I moved away four years ago and got remarried, we have anew baby.
Now, I want to move back (hey, it's my hometown too!) But being away from my ex my new husband has had the chance to really build a fatherly role for my son. My son still sees his dad in the Summer and any holiday he is available - but he's not a full time dad - a role model (although he's a very good guy, he's just very busy with work and self centered)
So I want to move back and we are looking for a new house there - but I worry my husband will lose the father/head of household role if we are closer to my ex. Because I'm sure my ex will want more time with his son.
Right now our family dynamic is great - I'm worried it will deteriorate with living near my ex.
Your sons relationship with your husband wont change any. He will still be a role model in your sons life and will still be the HEAD of YOUR household (as he is.)
For your son i bet it would be even better getting to see his father more often.
Sounds like a win win situation here.
Is your husband worried or something? Its nice that he loves your son, but he does need to understand that he's not his father. Both relationships are important but i dont see it changing just because he'll get to see his father more.
Well when I divorced I relocated 3.5 hours away. My ex see's our daughter 1-2 weekends a month, 2-3 weeks in the summer, alternating holidays and we try to arange weekends to be long weekends whenever possible. My kids are used to this arangement and I think it's been pretty good for them.

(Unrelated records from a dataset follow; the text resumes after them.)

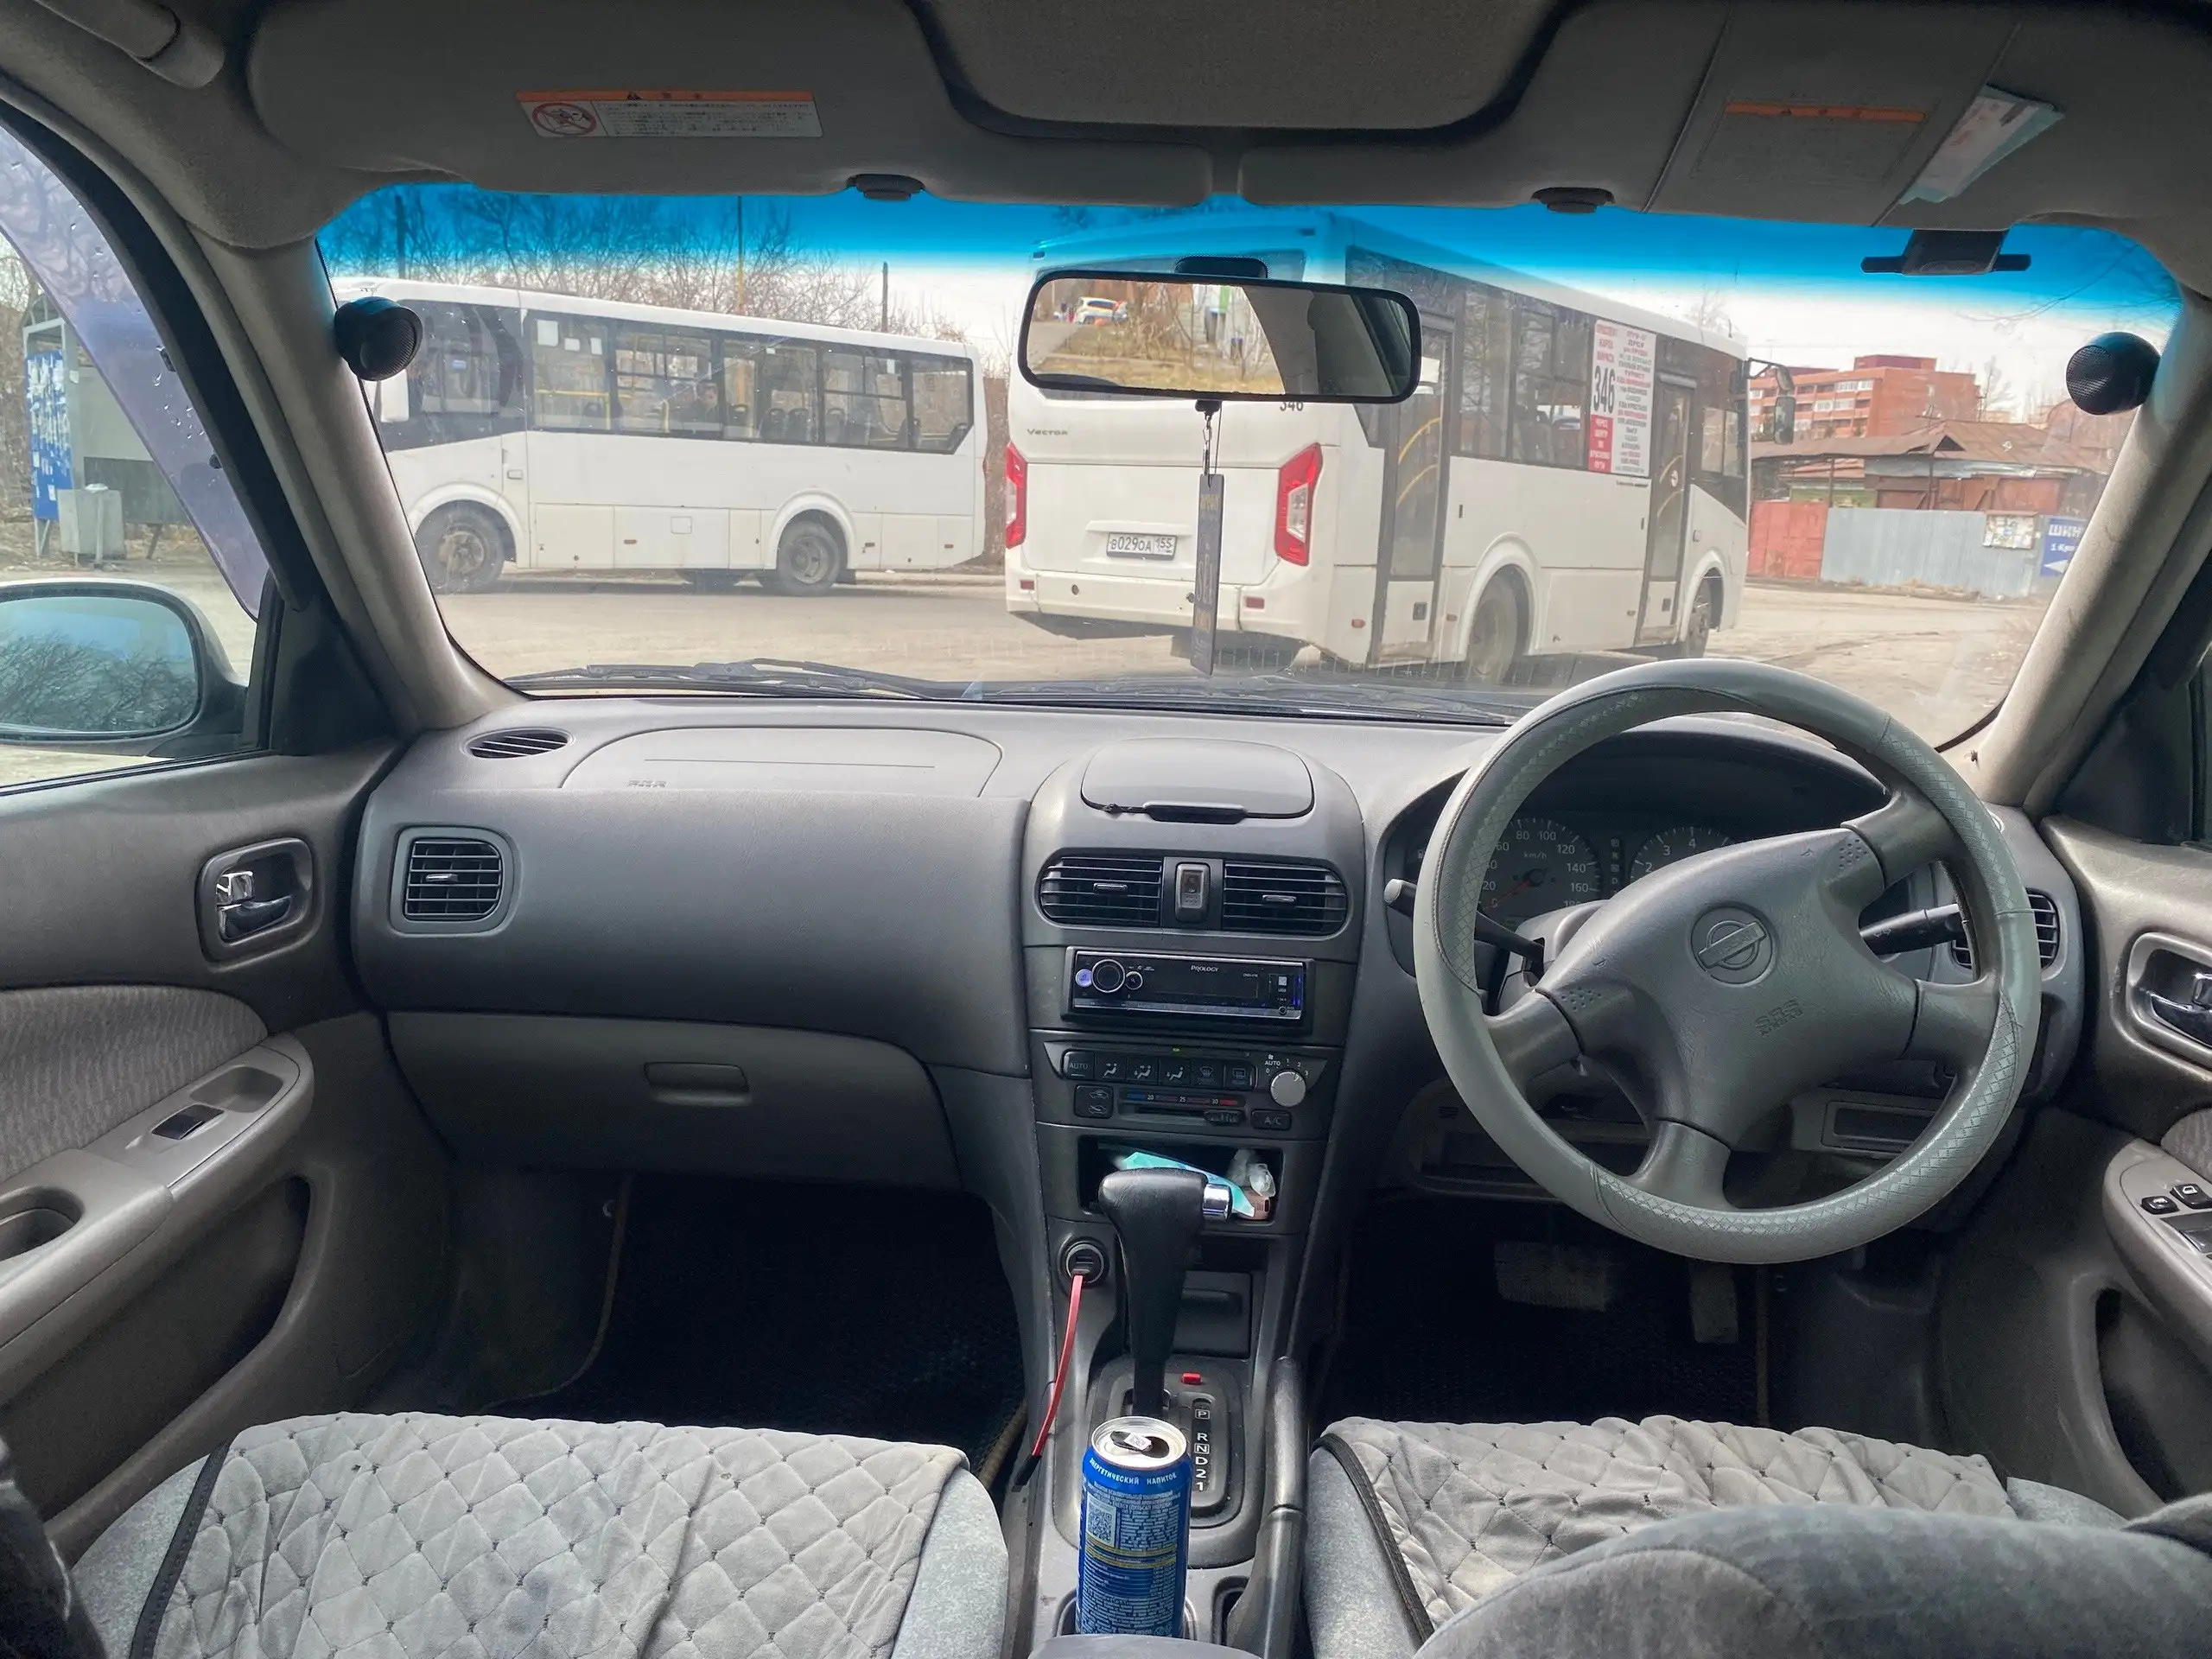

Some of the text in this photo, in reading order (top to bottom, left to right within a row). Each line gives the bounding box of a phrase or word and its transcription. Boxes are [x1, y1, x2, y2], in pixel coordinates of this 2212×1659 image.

[1593, 365, 1616, 414] 346
[1155, 537, 1173, 549] 155
[1516, 830, 1530, 840] 80
[1538, 830, 1556, 841] 100
[1688, 837, 1696, 849] 4
[1556, 844, 1575, 855] 120
[1662, 844, 1671, 855] 3
[1567, 862, 1586, 873] 140
[1645, 861, 1653, 873] 2
[1483, 880, 1497, 891] 20
[1570, 882, 1589, 893] 160
[1264, 1116, 1281, 1125] A/C
[1197, 1433, 1208, 1441] R
[1195, 1456, 1208, 1465] D
[1089, 1457, 1178, 1485] ЭНЕРГЕТИЧЕСКИЙ НАПИТОК
[1195, 1468, 1207, 1478] 2
[1196, 1481, 1204, 1491] 1

You're right it's your hometown too and if you want to move back, why not. I understand your concern but wonder... What does your husband feel about it? Also how about the child with your ex, does he show desires of wishing for more time with his biological father?
From what you described, if the ex is self-centered and works a lot of hours, yes living closer to him may mean a bit more time spent between him and your child together but maybe not that much to really worry about. Sure things like every other weekend would work out where he gets more time with the child yet the disruption to your current family structure won't be too great either.